Professors, Married With Students

By Michelle Cook

Working alongside your spouse is not everyone’s ideal situation, but for academic couples, a campus is often their office and their home.

“There’s a lot of mystery and lack of clarity about spouses working together,” says Philosophy professor Catherine Wilson, who adds that teaching and researching alongside her husband Mohan Matthen, the head of the Philosophy Dept. is similar to running a mom-and-pop grocery store. They share the same profession and help each other out, but their opinions and academic strengths remain separate.

Other UBC faculty couples say there are lots of benefits to working with your partner. You can double your professional contacts, help each other with classes, share the ride to work, and it’s always easier to take constructive criticism on academic papers from a loved one.

Another plus to joint academic appointments is the opportunity to pursue professional passions together.

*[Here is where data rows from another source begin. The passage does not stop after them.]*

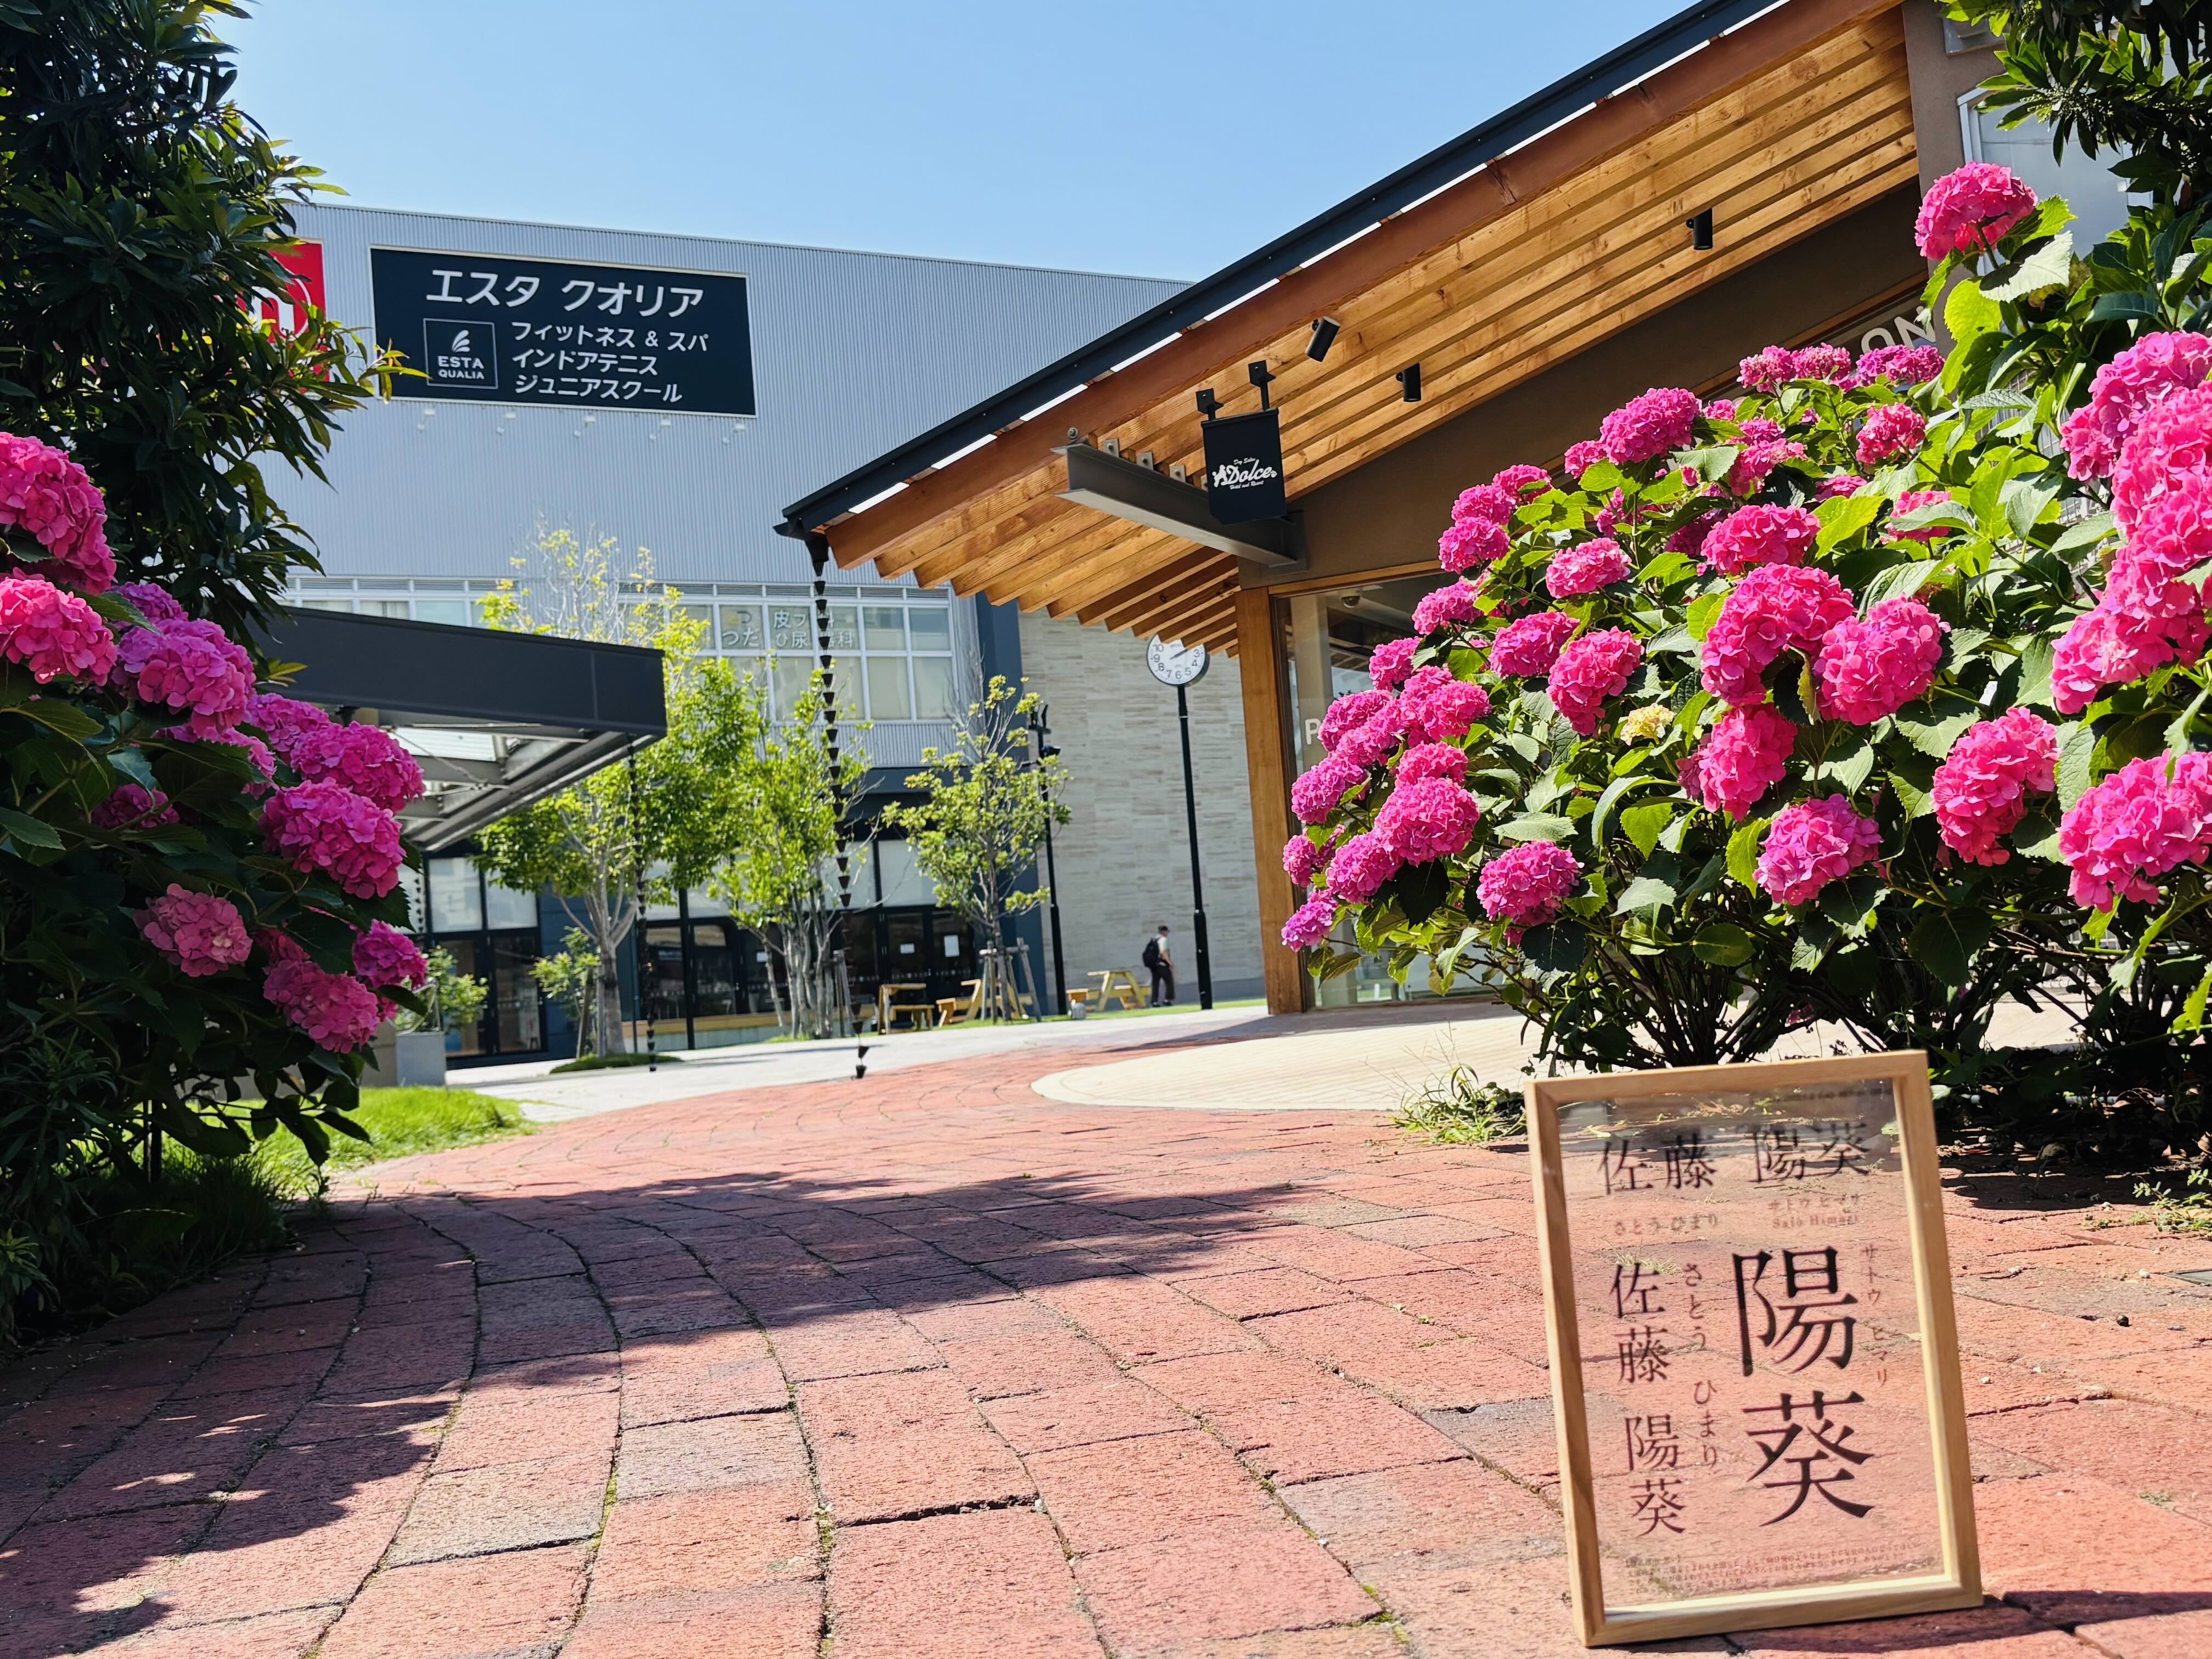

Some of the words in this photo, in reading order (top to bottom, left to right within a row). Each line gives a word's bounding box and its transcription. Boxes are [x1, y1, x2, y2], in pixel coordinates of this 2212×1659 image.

[426, 269, 540, 307] エスタ
[561, 280, 704, 318] クオリア
[511, 322, 636, 348] フィットネス
[644, 330, 659, 347] &
[667, 331, 709, 351] スパ
[437, 355, 485, 369] ESTA
[512, 348, 658, 376] インドアテニス
[438, 369, 485, 380] QUALIA
[515, 374, 683, 403] ジュニアスクール
[1220, 459, 1272, 486] Dolce
[1154, 654, 1160, 662] 9
[1194, 649, 1200, 657] 3
[1158, 662, 1164, 671] 8
[1185, 667, 1191, 676] 5
[1166, 670, 1172, 678] 7
[1175, 671, 1182, 679] 6
[1732, 1245, 1876, 1527] 陽葵

Annalee Yassi is a Canada Research Chair and director of the Institute for Health Promotion Research. She’s married to Jerry Spiegel, director of Global Health at the Liu Institute for Global Issues. Both have been collaborating on international health projects since their student days at McGill. They came to UBC in 2001 because its interdisciplinary opportunities offered them the chance to broaden their interactions with people from many academic areas, and collaborate on several initiatives, including a five-year project to help Cubans strengthen their teaching of environmental health risks assessments and management.

“Community health in general is a good field for couples because no matter what your disciplinary background is, there is common ground,” Yassi says. “I could have stayed in medicine and Jerry could have stayed in social development, but we’ve been able to develop projects that brought us together.”

Yet, there are downsides to sharing the same life’s work as your spouse.

“We’ve sometimes had differences of opinion in terms of how to deal with difficulties in a project,” says Yassi. “Sometimes it’s a good cop, bad cop scenario.”

But the upside, Spiegel adds, is that it’s good to bring different perspectives to a project.

Respecting intellectual preferences is another delicate matter. Daniela Boccassini and Carlo Testa both teach Italian Studies but they maintain decidedly different academic tastes.

“I’m not as orgasmic about Dante as Daniela is,” Testa laughs as his wife listens. “I like him but I think he’s overrated.”

Turf, professional jealousy and competitiveness are other potential pitfalls that academic couples must sidestep.
“Promotions can come at different times,” Boccassini says. “When I was promoted earlier, it was a disappointment for both of us but I never felt he (Testa) resented it. You take the good or the bad as a team.”

Another campus couple says that, in the 40 years they’ve worked together, they’ve never fought over research. Neuroscientists Edith and Patrick McGeer solve their differences of opinion by doing experiments, and seeing how they turn out.

Another worry for academic couples is that colleagues will see them as a single entity.

“It’s important not to be perceived as one person when you’re working in the same department. I think colleagues resent it if you’re seen as a block vote,” Matthen says, adding that he and his wife often disagree publicly in departmental meetings.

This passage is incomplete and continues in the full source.